The debtors are represented by the aforementioned Kirkland & Ellis LLP (Joshua Sussberg, Aparna Yenamandra, Chad Husnick, Gabriela Zamfir Hensley, Alan McCormick, Gabrielle Abbe, Michael Esser, Mark McKane) with Gray Reed (Jason Brookner, Lydia Webb, Emily Shanks) as local counsel, AlixPartners LLP (Jason Keyes) as financial advisor, Evercore Group LLC (EVR) as investment banker, and Joele Franke (Michael Freitag, Viveca Tress, Richard Goldman, Wilkinson Brimmere Katcher) as communications advisor. JPMorgan Chase Bank NA ($JPM) as RCF Agent is represented by Simpson Thacher & Bartlett LLP (Nicholas Baker, Moshe Fink, Rachael Foust, Zachary Weiner) as legal counsel and Lazard Frères & Co. LLC ($LAZ) as financial advisor. The QVC Noteholder Group is represented by Davis Polk & Wardwell LLP (Damian Schaible, Angela Libby, Aryeh Ethan Falk, Helen Zhang) and Porter Hedges LLP (John Higgins, M. Shane Johnson, James Keefe, Joanna Caytas) as legal counsel and PJT Partners LP ($PJT) as financial advisor. The LINTA Ad Hoc Group is represented by Akin Gump Strauss Hauer & Feld LLP (Marty Brimmage, Brad Kahn) as legal counsel and Centerview Partners LLC as financial advisor. And as previously noted, some pref equityholders are represented by Cleary Gottlieb Steen & Hamilton LLP (Josh Brody, David Botter).

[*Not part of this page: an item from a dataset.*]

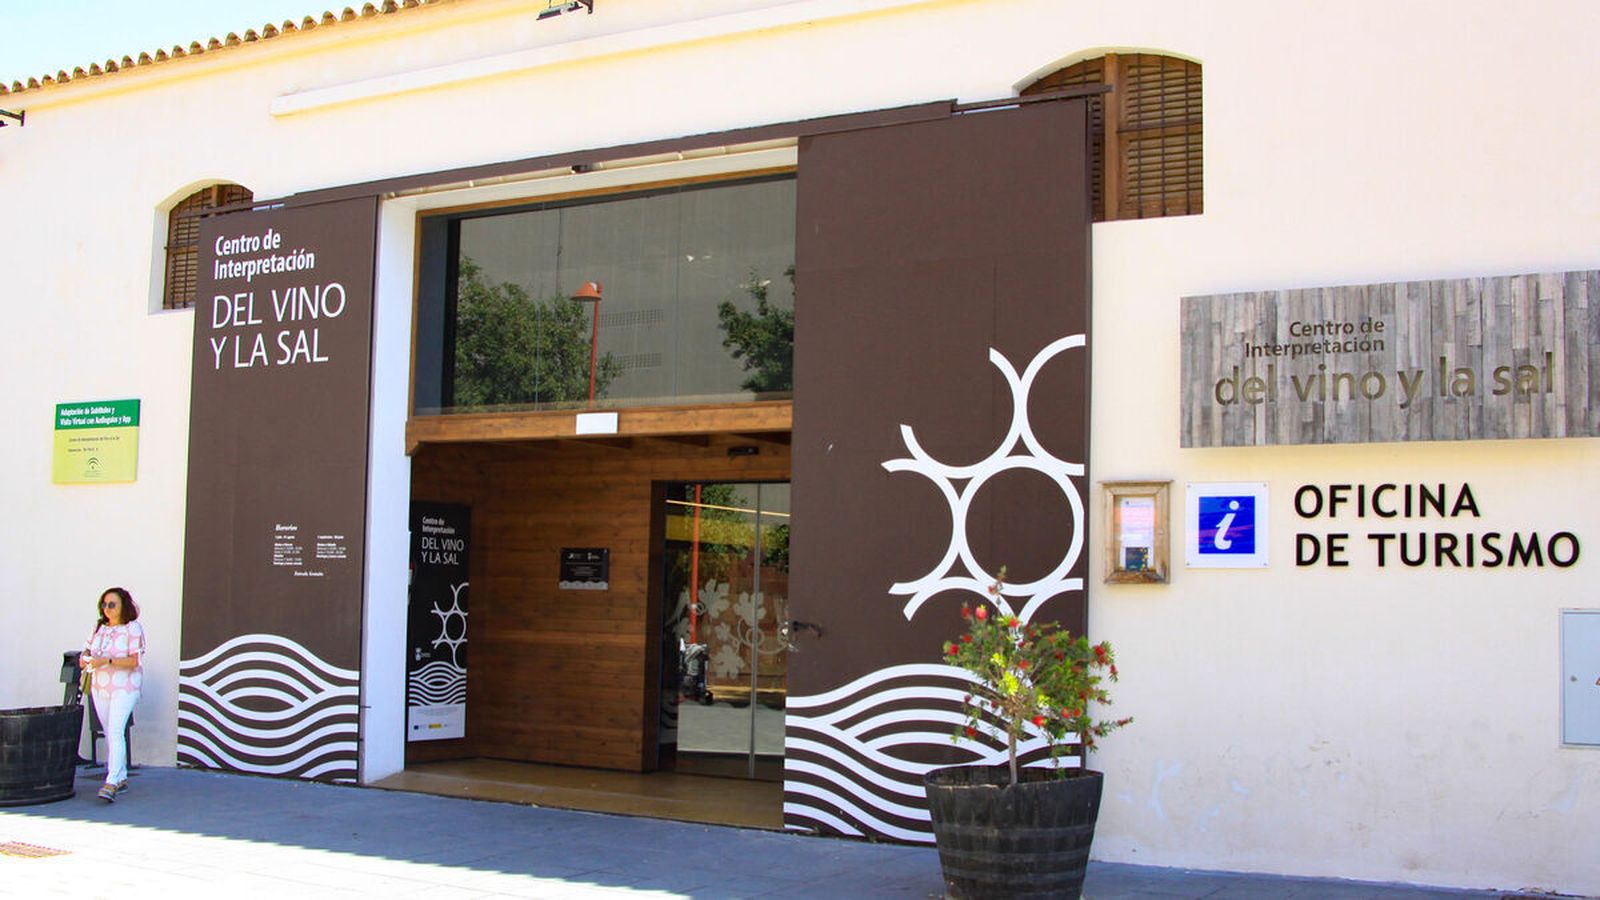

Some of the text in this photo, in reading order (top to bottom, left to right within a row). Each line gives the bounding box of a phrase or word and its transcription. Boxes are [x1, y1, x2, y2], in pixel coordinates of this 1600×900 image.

*We don’t delve into the company’s history here but suffice it to say, it’s quite interesting and the first day papers are worth a read. The origin and growth story is 🤯.
**Mr. Wafford was also CFO of J.C. Penney during its restructuring. You have to hand it to Kirkland (and particularly Mr. Sussberg): people say company-side work doesn’t lend itself to repeat business but there are industries — retail, for one — that recycle people like crazy and Kirkland has managed to leverage previous mandates into new mandates like no other.
***This was like Star Wars: Rogue One skipping the famous and traditional opening scroll. This is a new day: let’s get right to it.
****We’re not going to get into the complexity of the borrowers and guarantors of the various issuances nor the governance, all of which is complex and not necessary to delve into at this juncture. Suffice it to say that there were all kinds of prepetition machinations to make sure that separateness was honored, the potential for intercompany claims recognized, and governance instituted at a number of boxes:
*****For fiscal year ‘25, the company had $5.9b of revenue across its largest “QxH” segment (which encompasses QVC and HSN), $2.4b of revenue from its international business, and another 10% of revenue (unquantified) from Cornerstone.
******To be clear, there were multiple out of court balance sheet transactions over the last, say, five or six years before the company ultimately ended up where it is today. As for the point about more liability management, Mr. Sussberg was far more direct in his opening presentation at the first day hearing, stating:
“And I will give credit to the management team who held steadfast in the fact that this company needed to deleverage in order to deal with the trends and the changes and the way in which people shop and interact. We often time hear stories about liability management … it's not new. We've been doing restructuring out of court for years and years and years, but when we speak to a company and we speak to a board, we talk about, we ask the question, 'To what end?' And this management team answered that question and said we could kick the can and we could extend maturities, but we need to deleverage this balance sheet.”
*******This could end up being $100mm more depending upon how the exit ABL shakes out. The exit ABL is still in the process of being shopped.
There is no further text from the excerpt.